Friday Photo Tip: How to shoot into the light to create dramatic, backlit images


posted Friday, October 5, 2012 at 10:33 AM EDT


There's a way to add interest and a touch of the dramatic to your photographs, purely by shooting "contre-jour" -- that is, against daylight. Normally when I take photos, just like most of you, I shoot with the sun over my shoulder and behind me so that my subjects are front lit. However, I am always on the lookout for special situations when the light source is behind the subject and produces intriguing effects, such as silhouettes or halos.

Note that consciously shooting contre-jour is different from what casual photographers often do, pointing their cameras directly at the sun. While this can be technically called contre-jour shooting, it's not at all what I mean. Shooting into the light is not the same as shooting directly at the light, which is a surefire way to get lousy pictures despite all sorts of technology from Backlight Compensation to HDR that is supposed to help.

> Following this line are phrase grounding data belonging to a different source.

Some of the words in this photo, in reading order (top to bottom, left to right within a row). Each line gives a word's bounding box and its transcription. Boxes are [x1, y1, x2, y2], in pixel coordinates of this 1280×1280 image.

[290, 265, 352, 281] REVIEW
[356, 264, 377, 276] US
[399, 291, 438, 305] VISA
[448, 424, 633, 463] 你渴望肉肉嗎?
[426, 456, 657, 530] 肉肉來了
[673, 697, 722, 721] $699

Using contre-jour separates subjects from backgrounds, and adds a touch of drama to otherwise ordinary images. Yes, pointing the camera in the direction of the light source makes photography a little harder, but when it works it adds pop and sparkle to my images. Contre-jour should be in every photographer's toolbox of tricks.

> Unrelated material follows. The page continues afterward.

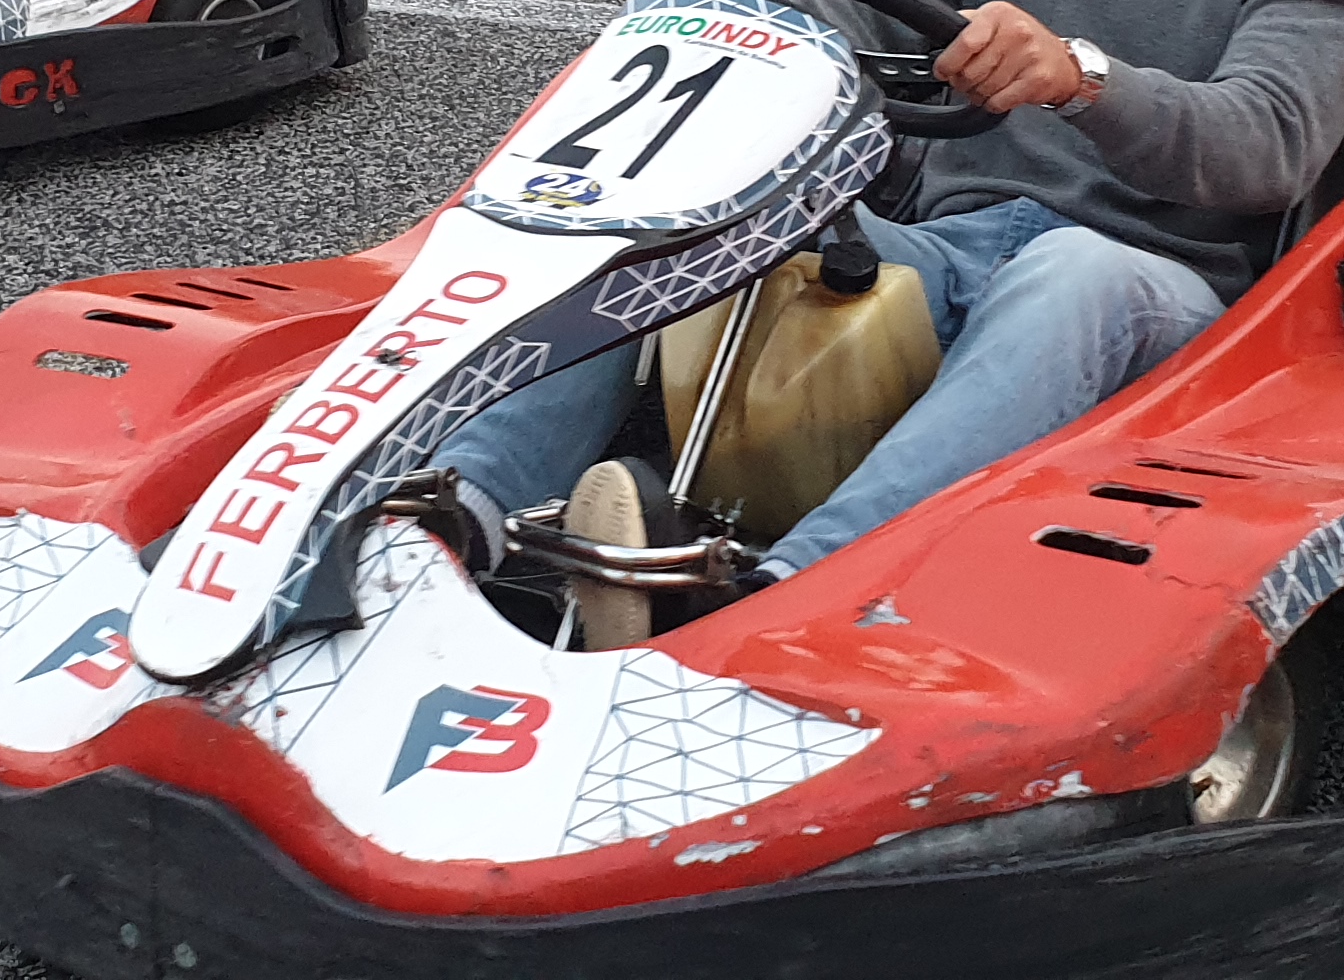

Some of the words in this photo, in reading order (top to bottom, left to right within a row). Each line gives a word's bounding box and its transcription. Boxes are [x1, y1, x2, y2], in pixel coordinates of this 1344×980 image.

Here is a typical contre-jour photograph. The light coming down the street illuminates the cyclist’s Spanish flag against the church across the street in shadows.

What I learned from the movies
I learned about contre-jour and backlighting when I worked on movie sets shooting production stills. Whenever I could, I would hang out with the lighting gaffers as I wanted to learn their secrets, in particular how they set up lights.


Shooting into the light but not at the light I got this shot. Notice, how the colors in the image are subdued and mostly midtones, despite the bright light this is a fairly low contrast image.

The main trick I learned was to frame a subject against a dark background and use the backlighting to separate the subject from it. To get an idea of what movie lighting people do and how ubiquitous contre-jour is, just watch any movie or TV series. No matter the scene's location, indoors in a small room or out on a mountaintop, almost in every frame I can guarantee there will be some amount of backlighting. Look closely and you will see a light behind the actors which brightens their hair and shoulders, creating a rim light that separates them from the background.
It is even more evident in night shots -- especially in police procedurals or sci-fi flicks -- where backlighting is used to heighten the drama and tension in a scene. It's often done to the extreme, with the contrast is so high it produces silhouetted images where actors in darkness are framed against shiny, wet streets or bright neon or street lights. This silhouetting adds visual interest by creating strong compositions of light and dark, and it occurs with high lighting ratios of at least 16:1.


Backlighting lights up hair, even bright red hair, and helps to separate the subject from the background.




I got to try out these movie techniques myself when I was shooting stills for the TV movie "High Ice" in the Cascade Mountains of Washington. We were helicoptered up a mountain to the shoot location where David Janssen, TV's "Fugitive" was waiting. He was playing a forest ranger and he was supposedly climbing a rock face. For the scene, Janssen was actually just a few feet off the ground, but behind him, out of sight, was an incredibly bright, humongous Klieg movie light strapped to the mountainside as a backlight.
Tricks for contre-jour shooting
So how can you add shooting against the light into your repertoire? Here are some simple tricks I adapted from what I learned on the movie sets:


In this contre-jour photo the sun was shining but the taxidermy fox and pheasant was under tenting and in the shade. Shooting for the correct exposure for the animals, blew out the background.


1. Angle the camera/lens so the light source itself does not appear in the frame. Occasionally, I end up standing on my tiptoes to get the camera high enough to point it down and lose the sun. Again, many newbie photographers will often shoot right into the sun or light source and come up with terrible images.

2. Purposely place your subject between the camera and the light source. Doing this frames the subject and makes them pop from the background. I use this often in concert photography. Whenever I can, I position myself so that one of more of the stage lights will be hidden behind the performer. This creates a halo of light around the performer against darker areas of the stage.

3. Use a lens hood to reduce light flares. A good hood will keep stray light from finding the lens and producing unwanted flares, and it can also help improve the saturation of backlit subjects.

4. Practice and experiment. Contre-jour photography is tricky, and requires a lot of exposure adjustments to get just the right images. Some subtle bracketing can help, as can using exposure compensation to get the effects you want without losing the detail from your backlit subject.

I like to shoot contre-jour, despite the extra effort involved because itc produces dramatic images. Whether it's a nearly silhouetted image or one with just a rim-light, shooting against the light always makes for more interesting pictures because the light itself becomes part of the photograph.